*** Begin section ***

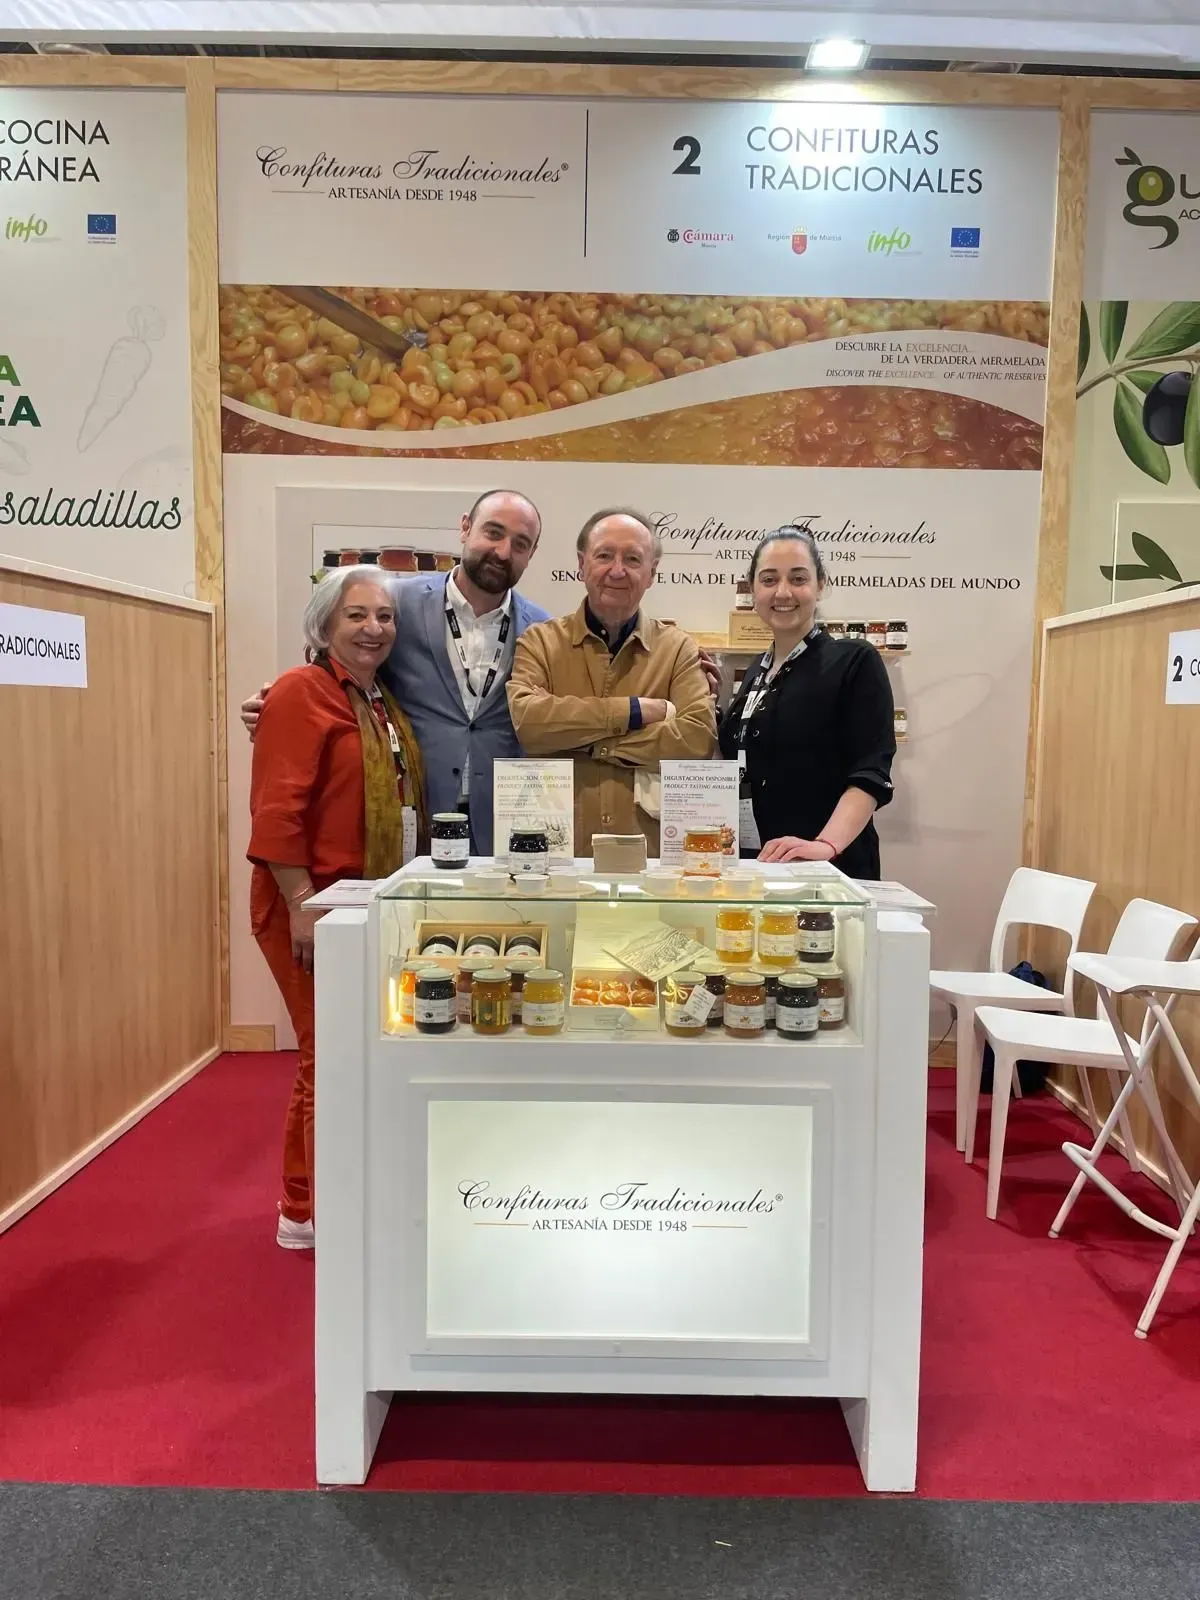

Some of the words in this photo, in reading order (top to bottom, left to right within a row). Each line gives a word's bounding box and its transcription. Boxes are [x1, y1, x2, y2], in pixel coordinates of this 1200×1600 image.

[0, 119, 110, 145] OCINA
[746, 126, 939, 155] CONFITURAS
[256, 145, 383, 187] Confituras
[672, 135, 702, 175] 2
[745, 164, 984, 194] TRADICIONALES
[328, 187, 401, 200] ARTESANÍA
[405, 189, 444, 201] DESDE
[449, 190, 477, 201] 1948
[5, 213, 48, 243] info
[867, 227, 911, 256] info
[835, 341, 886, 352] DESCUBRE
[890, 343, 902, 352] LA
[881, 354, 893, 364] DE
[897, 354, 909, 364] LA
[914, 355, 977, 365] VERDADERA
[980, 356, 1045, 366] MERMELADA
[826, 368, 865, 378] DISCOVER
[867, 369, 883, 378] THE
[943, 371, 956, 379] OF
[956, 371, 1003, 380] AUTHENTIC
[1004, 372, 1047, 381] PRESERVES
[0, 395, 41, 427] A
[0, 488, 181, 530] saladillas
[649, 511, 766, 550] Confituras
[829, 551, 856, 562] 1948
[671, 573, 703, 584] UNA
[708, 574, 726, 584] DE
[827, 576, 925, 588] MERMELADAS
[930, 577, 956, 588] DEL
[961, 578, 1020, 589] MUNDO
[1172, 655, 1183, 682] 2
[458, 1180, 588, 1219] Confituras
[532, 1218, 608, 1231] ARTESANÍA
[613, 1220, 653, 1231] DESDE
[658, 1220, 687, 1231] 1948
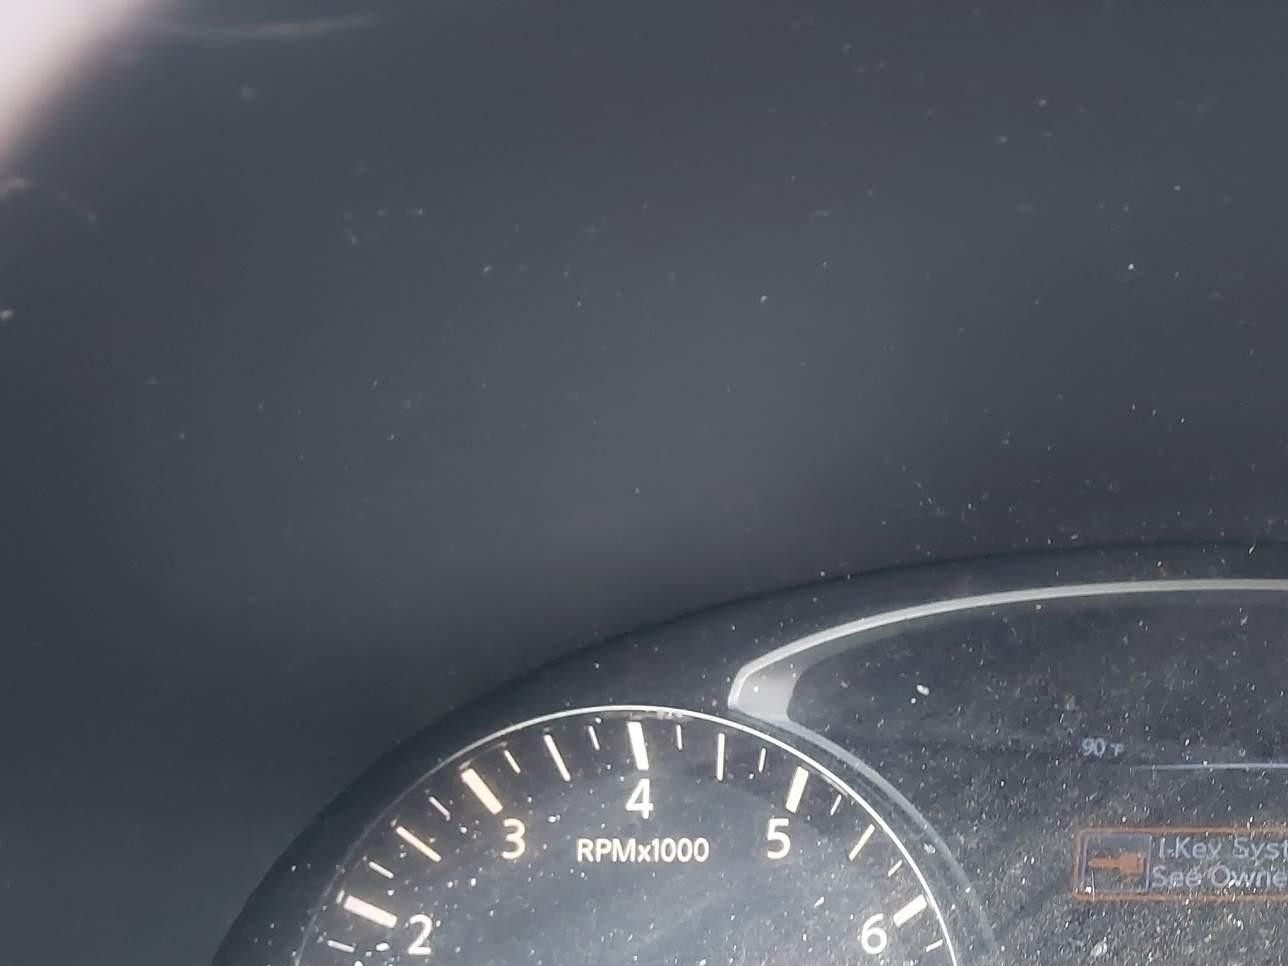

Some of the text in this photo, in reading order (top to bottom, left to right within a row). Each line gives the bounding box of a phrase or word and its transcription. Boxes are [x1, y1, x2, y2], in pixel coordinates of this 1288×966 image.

*** End section ***

Problem:
Would you write out every record word for word, leaving no picture in?

Written reply:
Some of the words in this photo, in reading order (top to bottom, left to right within a row). Each line gives a word's bounding box and its transcription. Boxes are [x1, y1, x2, y2], in pixel coordinates of this 1200×1600 image.

[0, 119, 110, 145] OCINA
[746, 126, 939, 155] CONFITURAS
[256, 145, 383, 187] Confituras
[672, 135, 702, 175] 2
[745, 164, 984, 194] TRADICIONALES
[328, 187, 401, 200] ARTESANÍA
[405, 189, 444, 201] DESDE
[449, 190, 477, 201] 1948
[5, 213, 48, 243] info
[867, 227, 911, 256] info
[835, 341, 886, 352] DESCUBRE
[890, 343, 902, 352] LA
[881, 354, 893, 364] DE
[897, 354, 909, 364] LA
[914, 355, 977, 365] VERDADERA
[980, 356, 1045, 366] MERMELADA
[826, 368, 865, 378] DISCOVER
[867, 369, 883, 378] THE
[943, 371, 956, 379] OF
[956, 371, 1003, 380] AUTHENTIC
[1004, 372, 1047, 381] PRESERVES
[0, 395, 41, 427] A
[0, 488, 181, 530] saladillas
[649, 511, 766, 550] Confituras
[829, 551, 856, 562] 1948
[671, 573, 703, 584] UNA
[708, 574, 726, 584] DE
[827, 576, 925, 588] MERMELADAS
[930, 577, 956, 588] DEL
[961, 578, 1020, 589] MUNDO
[1172, 655, 1183, 682] 2
[458, 1180, 588, 1219] Confituras
[532, 1218, 608, 1231] ARTESANÍA
[613, 1220, 653, 1231] DESDE
[658, 1220, 687, 1231] 1948

Some of the text in this photo, in reading order (top to bottom, left to right within a row). Each line gives the bounding box of a phrase or word and its transcription. Boxes are [x1, y1, x2, y2], in pixel coordinates of this 1288×966 image.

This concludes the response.